Gadis itu memikirkan nasibnya yang sampai sekarang belum menemukan titik terang. Takdir yang cukup buruk untuk dirinya.
"Apa akan ada bidadari tak bersayap yang melindungi Syila? Apa akan ada malaikat penolong untuk Syila?" tanya Syila dalam benaknya.
Syila memeluk dirinya sendiri, ia merintih dengan pilu. Ia ingin hidup bebas layaknya manusia yang lain. Ia ingin merasakan kehangatan dari pelukan keluarganya sendiri.
Syila berjalan mengelilingi perpustakaan kecil yang terdapat di kamarnya. "Apakah bidadari benar-benar ada? Apakah jika suatu hari Syila pergi, Syila akan menjadi bidadari? Bidadari yang selalu ingin membuat kebahagiaan kepada siapapun. Tidak seperti nasib Syila yang sekarang ini. Hanya sendiri."
Syila mendongak ke atas, melihat atap yang di atasnya tepat kamar milik kakaknya, Melan.
"Kapan Kak Melan jemput Syila? Kak Melan ngga sayang sama Syila?" Ribuan pertanyaan selalu ada. Belum ada satupun pertanyaan yang terjawabkan.
***
Jer meminta izin kepada Pak Bejo untuk bertemu dengan Fatiha. Dengan izin Pak Bejo, Jer pun datang ke Alun-Alun Brebes untuk bertemu sang pujaan hati.
Mengapa Fatiha begitu menarik di mata seorang Jer?

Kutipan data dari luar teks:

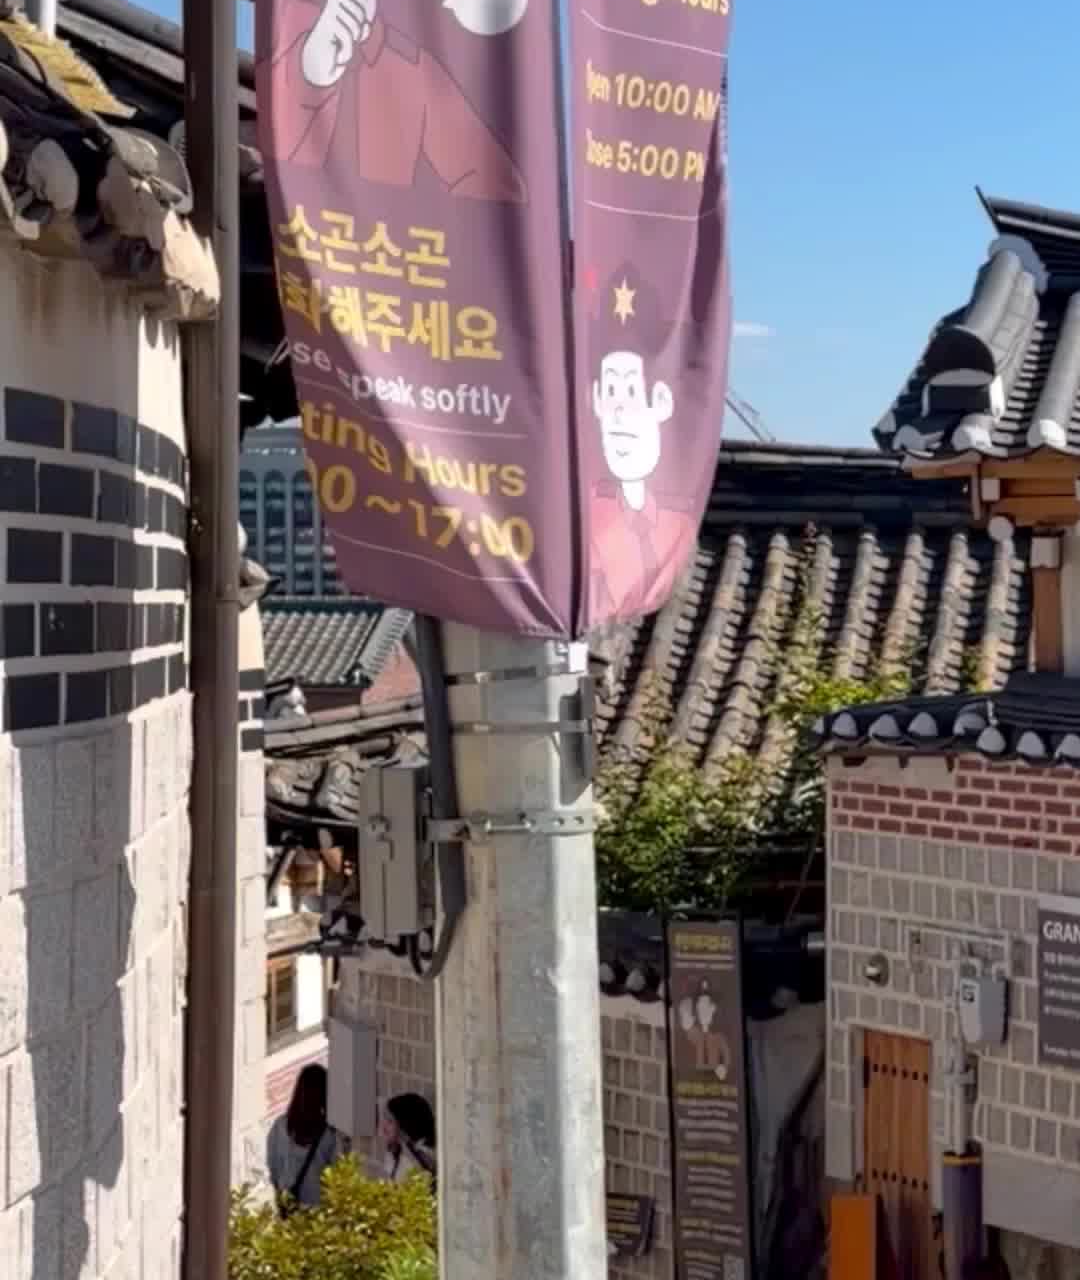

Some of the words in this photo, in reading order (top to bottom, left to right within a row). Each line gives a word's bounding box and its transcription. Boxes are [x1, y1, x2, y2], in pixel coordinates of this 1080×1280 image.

[615, 73, 690, 116] 10:00
[616, 141, 679, 179] 5:00
[279, 204, 450, 289] 소곤소곤
[276, 260, 503, 361] 화해주세요
[421, 383, 511, 425] softly
[404, 440, 527, 498] Hours

Banyak gadis lain yang menyukai dirinya, tetapi kenapa Jer lebih memilih Fatiha?
Fatiha sudah tiba di sana terlebih dahulu, ia duduk sembari menundukkan wajahnya. Sungguh, Fatiha begitu takut jika ada warga yang mengenalnya.
"Assalamu'alaikum," ucap Jer.
Fatiha langsung bangkit. "Wa'alaikumussalam, Kak."
"Berapa kali saya bilang? Panggil Jer saja!" pinta Jer lembut.
Fatiha menggeleng. "Mana bisa saya memanggil laki-laki yang usianya lebih tua dari saya tanpa panggilan Kak atau Mas?"
Jer tersenyum penuh arti. "Kalau begitu panggil saya Mas," ungkap Jer yang langsung membuat pipi Fatiha merah merona.
Sebotol air mineral diberikan kepada Fatiha dengan satu tangannya memegang sebotol air mineral yang lain. Senyum terukir jelas di bibir Fatiha menandakan bahwa dia sangat berterima kasih karena telah diberikan air. Angin yang tiba-tiba muncul itu hampir membuat kerudung yang dipakai Fatiha terbang. Untung saja ada Jer yang melindunginya.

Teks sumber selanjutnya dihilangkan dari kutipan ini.